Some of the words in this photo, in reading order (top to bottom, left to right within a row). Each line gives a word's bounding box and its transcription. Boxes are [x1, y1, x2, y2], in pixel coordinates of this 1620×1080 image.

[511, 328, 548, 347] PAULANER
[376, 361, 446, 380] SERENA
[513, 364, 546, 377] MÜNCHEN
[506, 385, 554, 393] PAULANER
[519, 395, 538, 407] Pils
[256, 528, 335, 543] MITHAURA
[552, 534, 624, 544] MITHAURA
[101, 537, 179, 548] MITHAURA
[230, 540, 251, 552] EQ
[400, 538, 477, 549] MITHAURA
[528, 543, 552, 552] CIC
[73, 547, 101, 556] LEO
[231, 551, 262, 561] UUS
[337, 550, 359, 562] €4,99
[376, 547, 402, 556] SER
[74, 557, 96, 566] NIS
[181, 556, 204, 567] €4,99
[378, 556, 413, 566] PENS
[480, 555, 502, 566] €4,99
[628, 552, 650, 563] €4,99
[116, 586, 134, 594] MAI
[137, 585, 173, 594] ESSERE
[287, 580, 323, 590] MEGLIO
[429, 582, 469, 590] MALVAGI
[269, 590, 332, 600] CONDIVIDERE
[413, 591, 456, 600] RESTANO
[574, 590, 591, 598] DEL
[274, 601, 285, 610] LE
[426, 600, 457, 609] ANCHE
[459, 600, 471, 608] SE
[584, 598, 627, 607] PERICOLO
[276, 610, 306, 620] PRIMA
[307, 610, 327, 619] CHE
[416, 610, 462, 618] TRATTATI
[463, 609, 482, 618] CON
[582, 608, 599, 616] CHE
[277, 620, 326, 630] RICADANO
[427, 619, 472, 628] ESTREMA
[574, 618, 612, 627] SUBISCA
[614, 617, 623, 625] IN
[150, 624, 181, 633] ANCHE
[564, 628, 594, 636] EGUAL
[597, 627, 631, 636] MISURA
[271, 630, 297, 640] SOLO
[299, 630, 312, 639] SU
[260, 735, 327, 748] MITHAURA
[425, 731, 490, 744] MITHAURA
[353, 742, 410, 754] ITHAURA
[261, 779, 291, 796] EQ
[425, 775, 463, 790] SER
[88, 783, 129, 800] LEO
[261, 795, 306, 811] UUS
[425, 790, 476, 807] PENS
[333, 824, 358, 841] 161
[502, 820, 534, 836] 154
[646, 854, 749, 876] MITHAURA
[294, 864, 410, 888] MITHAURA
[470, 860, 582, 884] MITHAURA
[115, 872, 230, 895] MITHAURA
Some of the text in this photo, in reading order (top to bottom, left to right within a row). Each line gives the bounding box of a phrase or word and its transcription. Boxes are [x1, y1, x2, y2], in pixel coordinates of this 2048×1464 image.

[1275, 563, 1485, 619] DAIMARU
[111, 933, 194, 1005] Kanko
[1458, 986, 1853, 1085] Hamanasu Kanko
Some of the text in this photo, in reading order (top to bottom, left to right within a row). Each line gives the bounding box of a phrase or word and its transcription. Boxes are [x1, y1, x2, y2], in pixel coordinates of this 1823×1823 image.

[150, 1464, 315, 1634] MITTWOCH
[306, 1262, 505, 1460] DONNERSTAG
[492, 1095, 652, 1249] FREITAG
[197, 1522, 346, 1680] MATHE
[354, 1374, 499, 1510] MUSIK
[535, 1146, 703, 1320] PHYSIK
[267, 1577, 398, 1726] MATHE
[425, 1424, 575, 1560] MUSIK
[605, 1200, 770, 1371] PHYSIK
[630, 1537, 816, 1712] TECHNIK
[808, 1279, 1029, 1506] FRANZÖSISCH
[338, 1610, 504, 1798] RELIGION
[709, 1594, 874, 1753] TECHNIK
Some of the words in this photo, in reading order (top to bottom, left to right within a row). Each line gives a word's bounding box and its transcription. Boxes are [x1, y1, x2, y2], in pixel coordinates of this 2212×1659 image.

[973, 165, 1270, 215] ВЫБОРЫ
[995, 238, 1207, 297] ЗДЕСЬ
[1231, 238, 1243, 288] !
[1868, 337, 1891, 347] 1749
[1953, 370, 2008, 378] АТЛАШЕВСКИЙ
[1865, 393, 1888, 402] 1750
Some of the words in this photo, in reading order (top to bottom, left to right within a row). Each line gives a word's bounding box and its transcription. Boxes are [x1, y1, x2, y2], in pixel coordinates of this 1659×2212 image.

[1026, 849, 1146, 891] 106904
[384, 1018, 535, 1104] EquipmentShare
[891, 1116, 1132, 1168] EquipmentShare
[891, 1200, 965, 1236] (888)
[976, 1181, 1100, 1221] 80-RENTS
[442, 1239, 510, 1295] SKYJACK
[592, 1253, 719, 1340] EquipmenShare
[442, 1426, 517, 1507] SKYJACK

* * *

** EXERCISE REQUIREMENTS **
Everything from the line containing "this 1659×2212 image." down to the last line of the entries is to be returned exactly, both ends included, and nothing beyond it.

** RESPONSE TO THE EXERCISE **
Some of the words in this photo, in reading order (top to bottom, left to right within a row). Each line gives a word's bounding box and its transcription. Boxes are [x1, y1, x2, y2], in pixel coordinates of this 1659×2212 image.

[1026, 849, 1146, 891] 106904
[384, 1018, 535, 1104] EquipmentShare
[891, 1116, 1132, 1168] EquipmentShare
[891, 1200, 965, 1236] (888)
[976, 1181, 1100, 1221] 80-RENTS
[442, 1239, 510, 1295] SKYJACK
[592, 1253, 719, 1340] EquipmenShare
[442, 1426, 517, 1507] SKYJACK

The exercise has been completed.